Monday, April 27, 2009

Slowdown signs - Car sales dip in Saudi Arabia

Slowdown signs - Car sales dip in Saudi Arabia Monday, 27 Apr 2009

Khaleej Times cited Mr Ali H Alireza MD of Haji Hussein Alireza & Company Limited as saying that car sales in Saudi Arabia have gone down by 20% to 25% across the board, the sole distributor in the kingdom for Mazda, Mercury, Aston Martin and MAN Truck.

Mr Alireza said while addressing the media at the HHA head office that "However, the market is expected to recover in the last quarter of the year as 2010 models start coming in."

He said that there was no doubt that there was a general market slowdown, so it was wrong to presume that the current global economic crisis had not affected this part of the world.

He added that "We are certainly not as badly affected as the United States and Europe whose automotive sales are down by 50% to 70%. My assessment is that things will change for the better in the kingdom's car sales later this year."

According to Mr Alireza, the kingdom imported 550,000 automobile units in 2008 about 10% higher than in the previous year.
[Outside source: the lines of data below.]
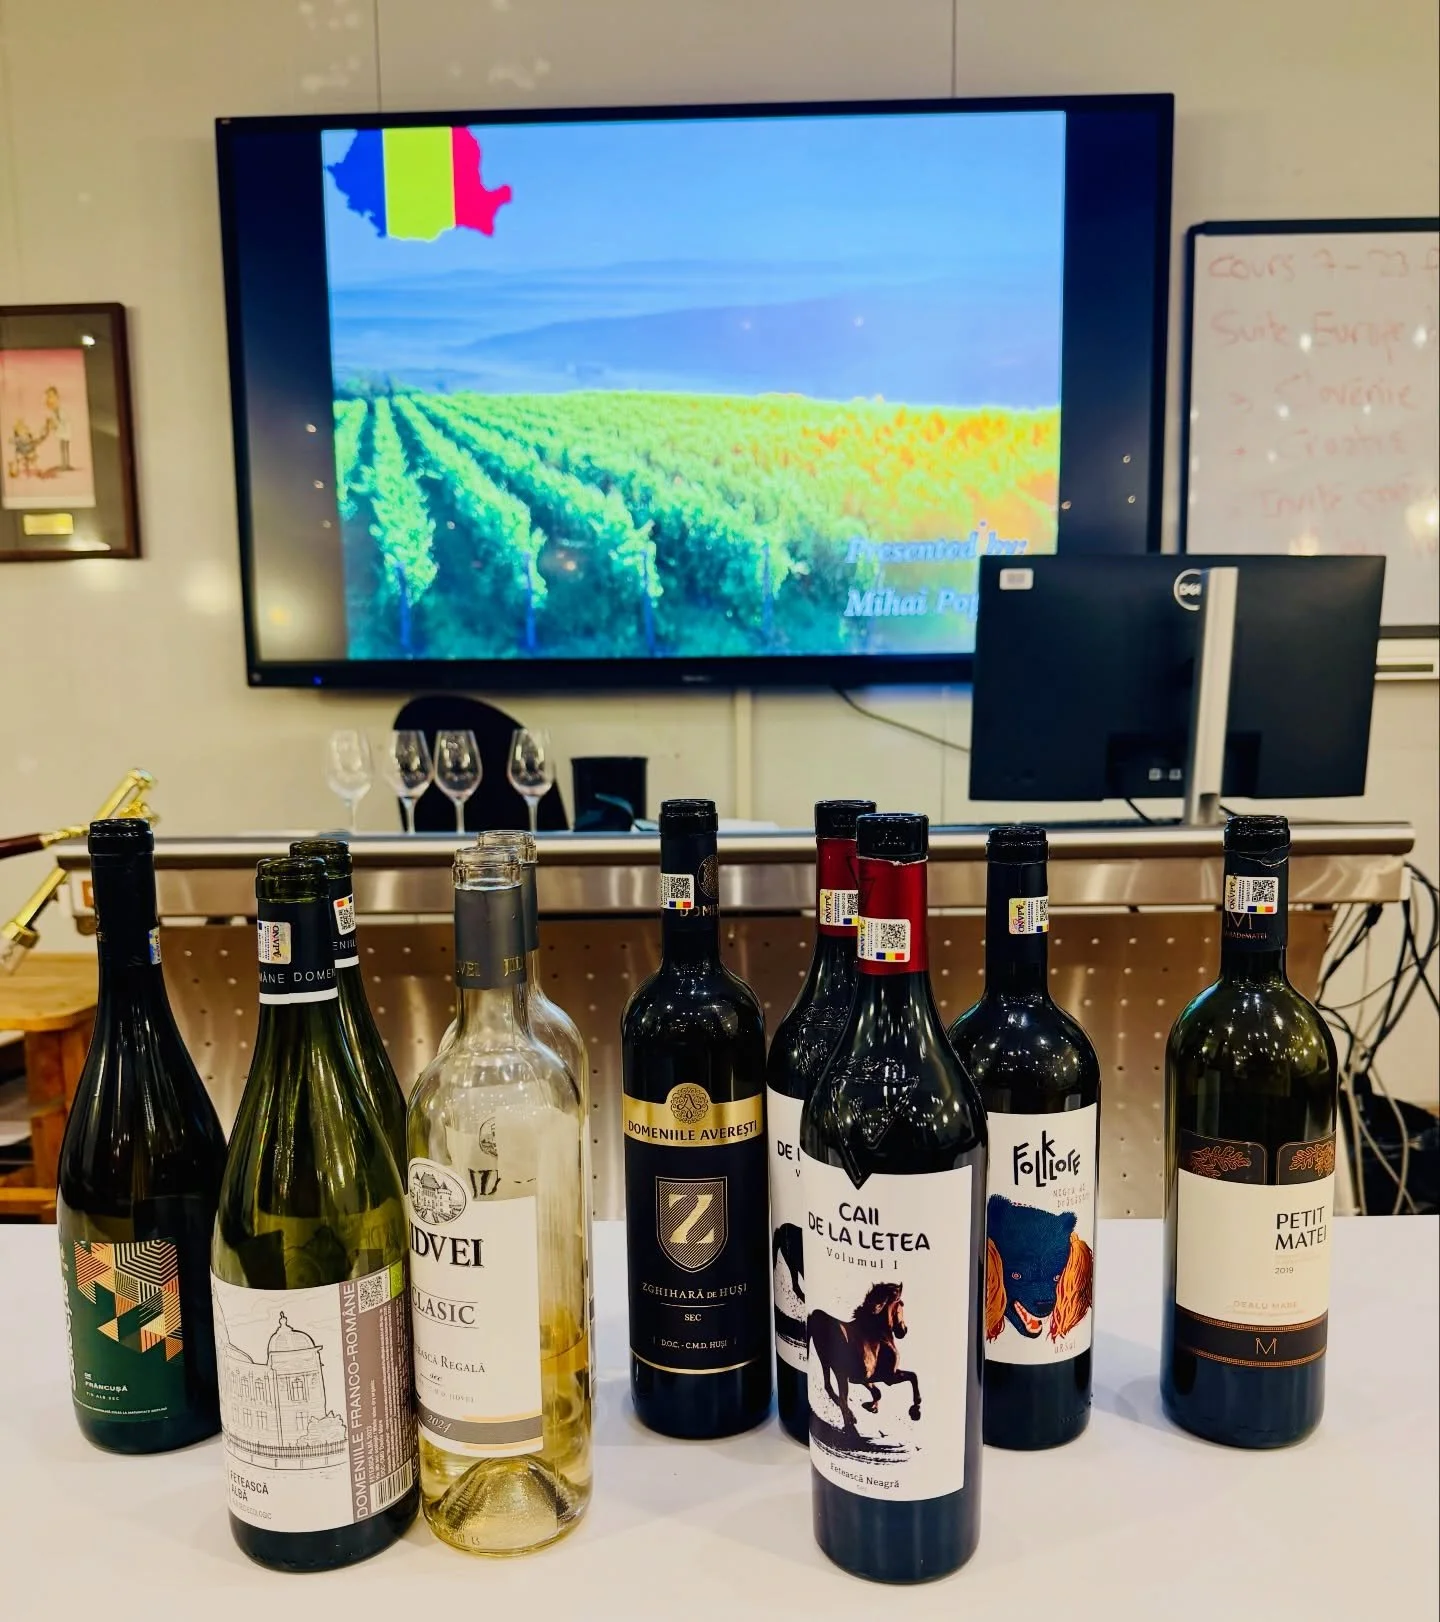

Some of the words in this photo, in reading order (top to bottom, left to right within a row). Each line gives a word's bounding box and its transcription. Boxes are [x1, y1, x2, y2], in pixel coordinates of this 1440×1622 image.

[844, 586, 928, 617] Mihai
[628, 1120, 695, 1140] DOMENIILE
[777, 1140, 792, 1160] DE
[668, 1194, 715, 1244] Z
[838, 1201, 879, 1225] CAII
[1276, 1206, 1325, 1230] PETIT
[808, 1211, 824, 1236] DE
[828, 1225, 852, 1246] LA
[859, 1232, 930, 1252] LETEA
[1275, 1225, 1327, 1250] MATEI
[826, 1246, 885, 1269] Volumul
[893, 1259, 899, 1270] I
[1274, 1266, 1294, 1275] 2019
[642, 1282, 704, 1299] ZGHIHARĂ
[707, 1291, 717, 1299] DE
[412, 1286, 475, 1325] CLASIC
[684, 1313, 702, 1322] SEC
[343, 1281, 363, 1429] FRANCO-ROMÂNE
[1255, 1337, 1277, 1355] M
[427, 1414, 453, 1433] 2024
[230, 1470, 269, 1495] FETEASCĂ
[351, 1431, 370, 1520] DOMENIILE
[830, 1462, 864, 1483] Fetească
[866, 1476, 900, 1490] Neagră
[232, 1483, 248, 1501] ALBĂ
Of them 150,000 units were re-exported. He added that re-exporters are those who purchase automobiles in the Kingdom and re-export them to countries, notably to Africa and the CIS countries.

He said that, however, automobile prices however continue to increase, partly because of the prices fixed by their makers abroad and partly due to the fluctuations in the currency market. We are restricted to prices coming from the overseas factories. Fluctuations of the yen are also the reason why Japanese automobile prices have increased. Whenever the manufacturers offer rebates we tend to pass the price advantage on to the consumers. Favourable currency rates will certainly bring down the prices of cars.
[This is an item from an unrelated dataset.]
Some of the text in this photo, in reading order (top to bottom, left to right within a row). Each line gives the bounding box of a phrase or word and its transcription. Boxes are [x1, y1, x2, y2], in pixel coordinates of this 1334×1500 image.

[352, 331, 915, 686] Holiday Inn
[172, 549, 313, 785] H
Mr Alireza said that referring to the crisis faced by the automotive industry in the US where banks find it difficult to finance car purchases. He said that "In Saudi Arabia, credit is still available and banks are financing car purchases. Here there is no shortage of cash unlike in the United States. The drop in the prices of car components like steel cannot directly bring down car prices. If it persists for a long time and together with it if the currency rates become favorable then only prices can come down.

He added that for instance, Japanese cars are costing more because of the high exchange rate of the yen, which is hovering around SAR 104 from SAR 90 a year ago. For the same reason European car prices also tend to be high or go up.